To bring oceans into the climate fight. nature-based solutions such as mangrove planting and coral reef restoration could help to protect coastlines. The success of mangrove restoration efforts may depend heavily on engagement with local stakeholders, and on careful assessment to ensure that growing conditions will be suitable for the species chosen.

Another major obstacle to progress is the lack of a long-term funding strategy. Countries such as the United Kingdom, Australia and Mauritius have contributed $28.7 million to efforts through the Commonwealth of Nations. However, according to Commonwealth Secretary-General Patricia Scotland only 1% of all philanthropic resources is directed to save the oceans. Thus more attention is called for on this issue.

Some regions in mid-country exhibit climatic suitability to promote the cultivation of neglected and underutilized fruit species.

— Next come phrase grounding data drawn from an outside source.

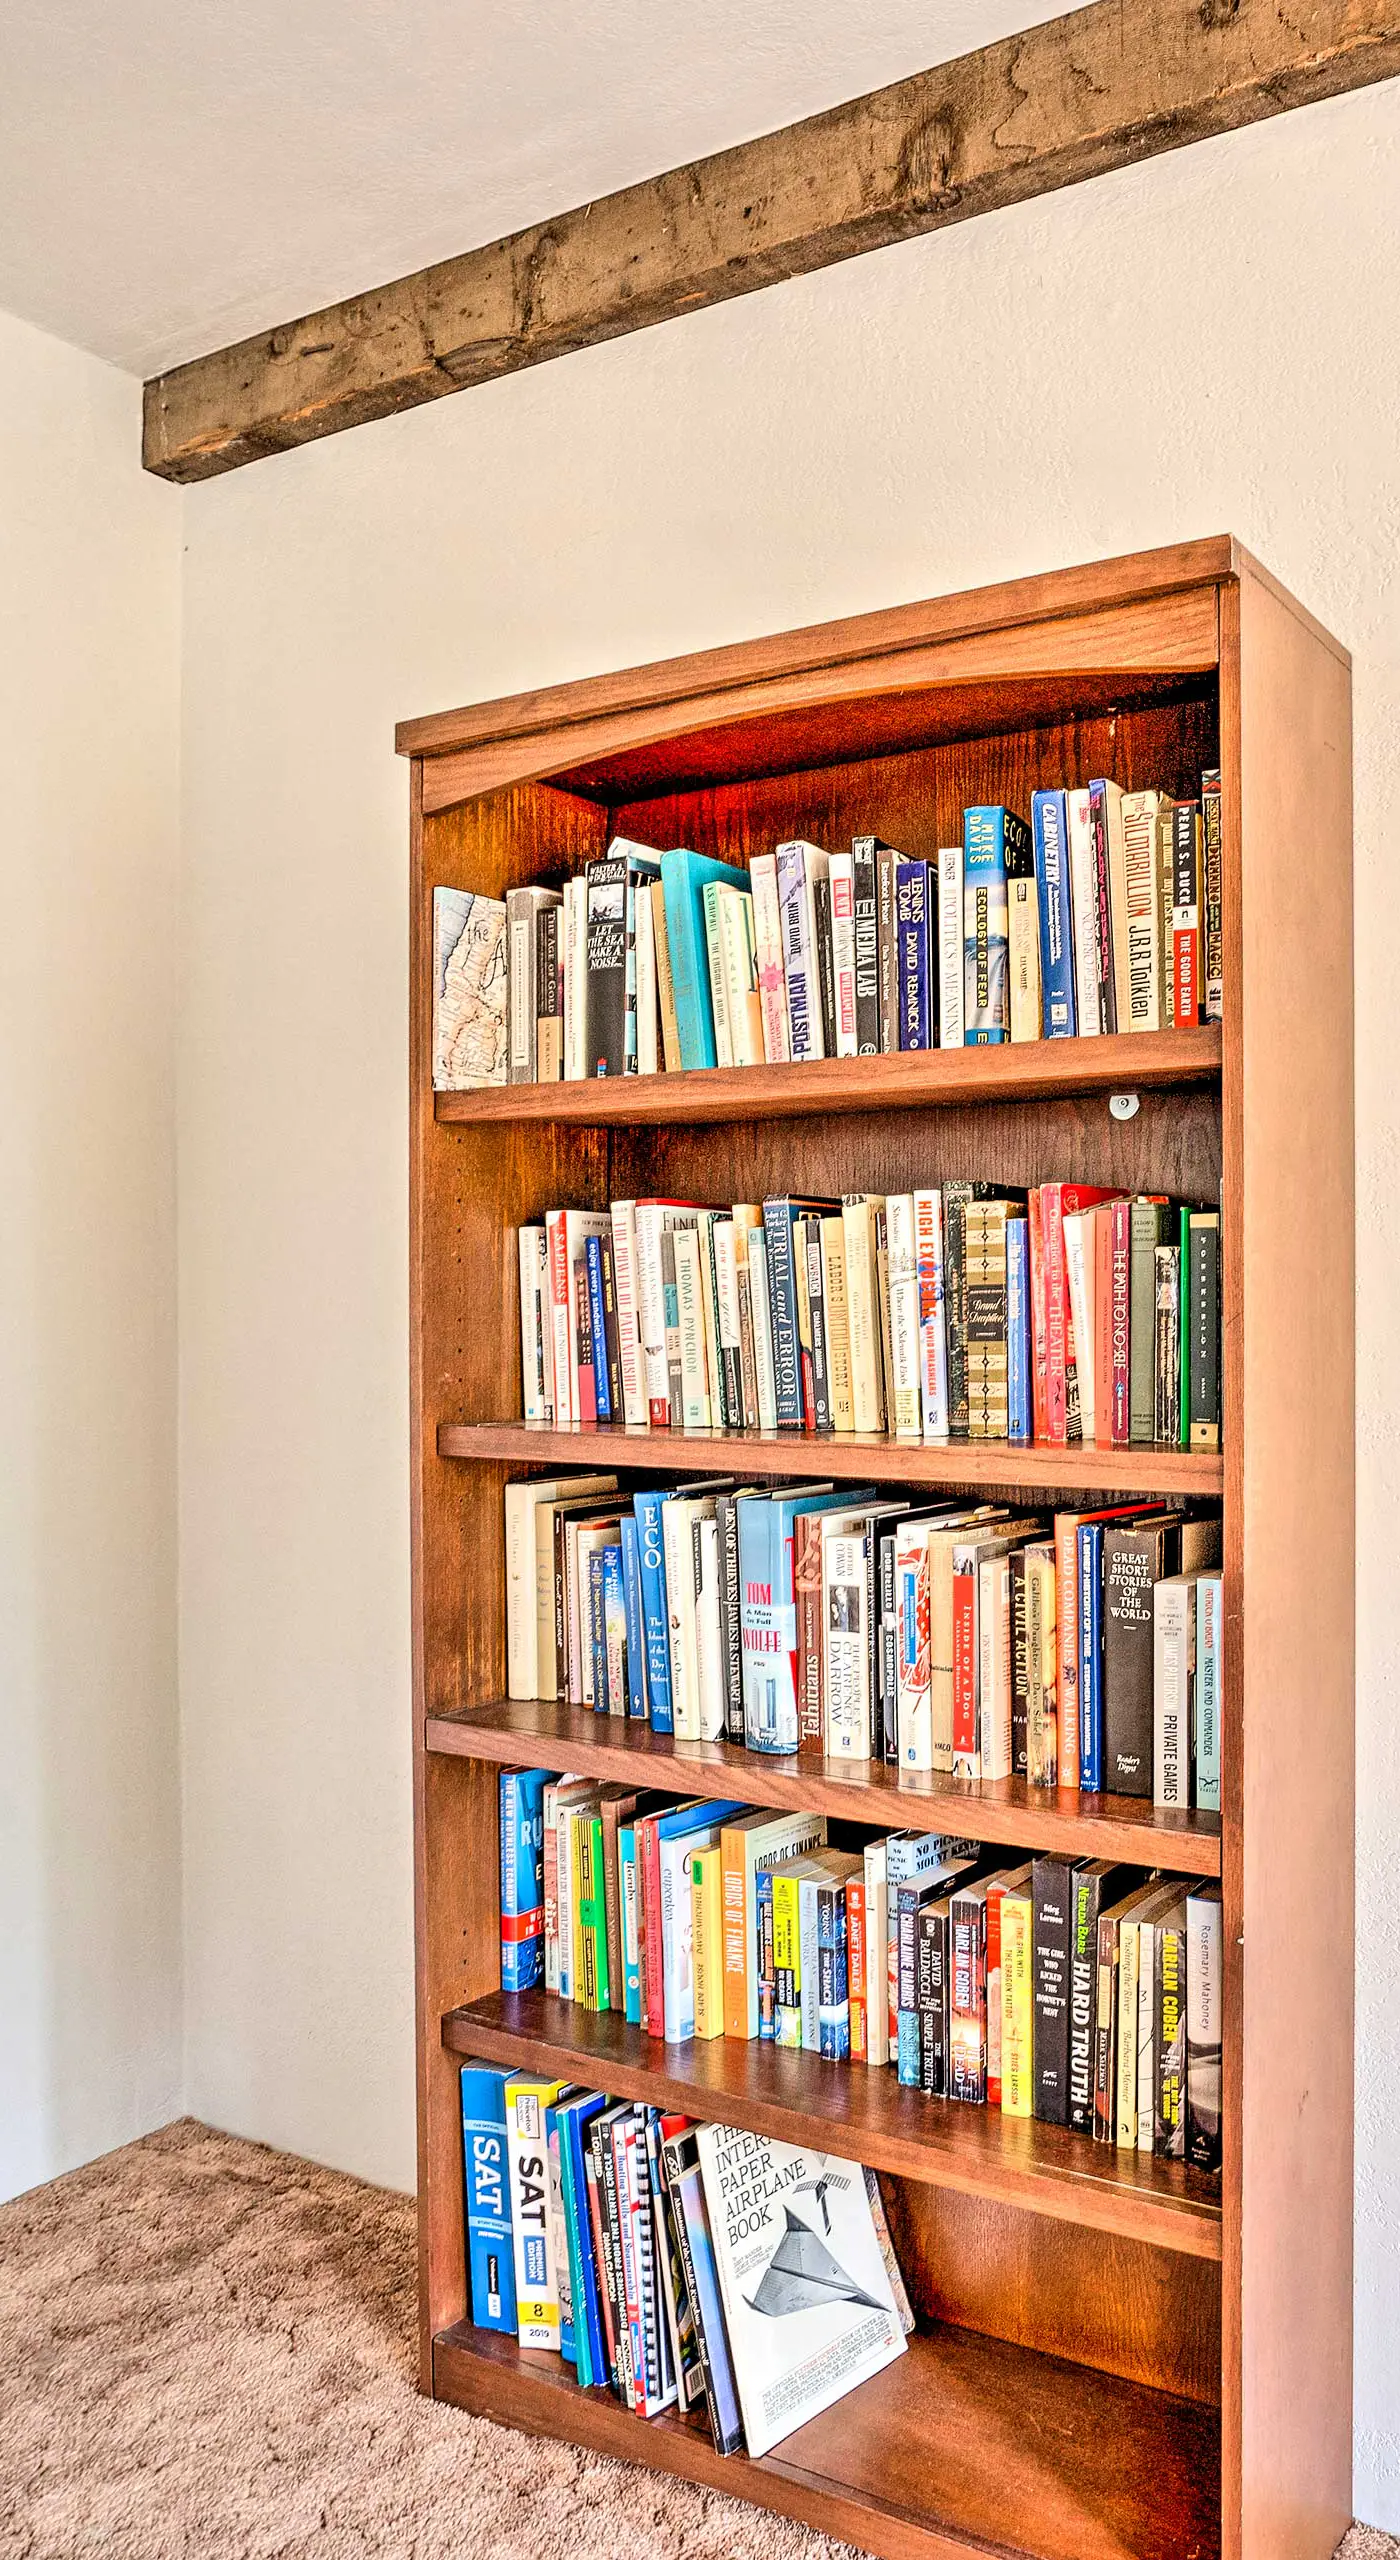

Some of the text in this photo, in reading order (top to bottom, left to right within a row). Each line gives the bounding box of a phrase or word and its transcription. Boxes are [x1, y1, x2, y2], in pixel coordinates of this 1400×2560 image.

[969, 815, 981, 864] DAVIS
[981, 823, 994, 863] MIKE
[1042, 804, 1060, 884] CABINETRY
[1125, 795, 1152, 918] The SILMARILLION
[1178, 808, 1190, 903] PEARL S. BUCK
[547, 912, 556, 935] THE
[900, 884, 910, 921] TOMB
[549, 964, 555, 976] OF
[857, 920, 876, 997] MEDIA LAB
[976, 888, 988, 1007] ECOLOGY OF FEAR
[548, 980, 557, 1013] GOLD
[907, 931, 919, 1031] DAVID REMNICK
[1180, 935, 1190, 1016] THE GOOD EARTH
[788, 973, 811, 1055] POSTMAN
[677, 1235, 690, 1244] V.
[918, 1200, 936, 1317] HIGH EXPOSURE
[1049, 1208, 1060, 1266] Orientation
[1114, 1249, 1126, 1271] THE
[554, 1234, 565, 1299] SAPIENS
[1051, 1270, 1060, 1281] to
[1114, 1273, 1126, 1302] PATH
[588, 1243, 601, 1339] enjoy every sandwich
[614, 1222, 638, 1394] THE POWER OF PARTNERSHIP
[773, 1228, 797, 1395] TRIAL and ERROR
[895, 1289, 905, 1313] Where
[1114, 1305, 1126, 1318] TO
[680, 1259, 696, 1374] THOMAS PYNCHON
[1051, 1305, 1062, 1376] THEATER
[898, 1330, 908, 1362] Sidewalk
[899, 1364, 908, 1384] Ends
[725, 1507, 738, 1601] DEN OF THIEVES
[1111, 1564, 1149, 1577] SHORT
[1112, 1552, 1148, 1565] GREAT
[1031, 1578, 1040, 1618] Galileo's
[1109, 1574, 1152, 1589] STORIES
[1119, 1596, 1141, 1609] THE
[1122, 1586, 1137, 1597] OF
[1205, 1589, 1213, 1617] PATRICK
[1015, 1577, 1026, 1695] A CIVIL ACTION
[1110, 1607, 1151, 1621] WORLD
[727, 1604, 744, 1703] JAMES B. STEWART
[962, 1605, 972, 1720] INSIDE OF A DOG
[1031, 1623, 1041, 1668] Daughter
[1062, 1536, 1076, 1754] DEAD COMPANIES WALKING
[829, 1641, 842, 1724] DARROW
[842, 1641, 852, 1726] CLARENCE
[1204, 1657, 1213, 1686] MASTER
[800, 1656, 820, 1740] Tahitians
[1204, 1690, 1213, 1705] AND
[1033, 1710, 1042, 1736] Sobel
[1204, 1709, 1213, 1756] COMMANDER
[1164, 1715, 1177, 1801] PRIVATE GAMES
[545, 1898, 556, 1936] dirt
[725, 1871, 743, 1975] LORDS OF FINANCE
[821, 1903, 830, 1938] YOUNG
[900, 1913, 917, 2007] CHARLAINE HARRIS
[919, 1939, 931, 1994] BALDACCI
[931, 1952, 942, 1985] DAVID
[1200, 1925, 1212, 2030] Rosemary Mahoney
[822, 1968, 832, 2005] SHACK
[1071, 1887, 1090, 2104] NEVADA BARR HARD TRUTH
[1163, 1935, 1177, 2041] HARLAN COBEN
[924, 2013, 934, 2086] SIMPLE TRUTH
[1011, 2052, 1019, 2105] STIEG LARSSON
[473, 2136, 504, 2215] SAT
[592, 2136, 603, 2178] LOU REED
[720, 2152, 774, 2198] PAPER
[518, 2156, 545, 2231] SAT
[727, 2158, 806, 2222] AIRPLANE
[602, 2232, 612, 2259] DIANA
[603, 2153, 630, 2328] DISPATCHES FROM THE TENTH CIRCLE
[618, 2155, 636, 2301] Boating Skills and Seamanship
[728, 2203, 774, 2247] BOOK
[528, 2242, 537, 2278] EDITION
[535, 2240, 545, 2281] PREMIUM
[605, 2259, 616, 2302] CLAPTON
[529, 2329, 549, 2338] 2019
[533, 2304, 544, 2318] 8

And that in turns, will directly affect economy and food security in Sri Lanka.

=== International cooperation ===
To aid Sri Lanka in being more prepared to face natural disasters, the Australian government, WEP and UNICEF joined forces and signed a 3-year partnership (2018–2020). This project targets the most vulnerable districts in Sri Lanka. In fact, hundreds of thousands of dollars were invested in this project with children, adolescents, and pregnant women being the most prioritized. Sri Lanka has been actively developing document planning ever since the 1990s. However, the 2004 tsunami notably declined the progress and shifted its focus unto the building of resilience to natural disasters. Though documents were produced regarding the climate change impact and the potential risk mitigation, implementation has generally been limited. Despite that, the Sri Lankan government has implemented a number of plans including a Water Sanitation and Hygiene (WASH) program through the Ministry of Education.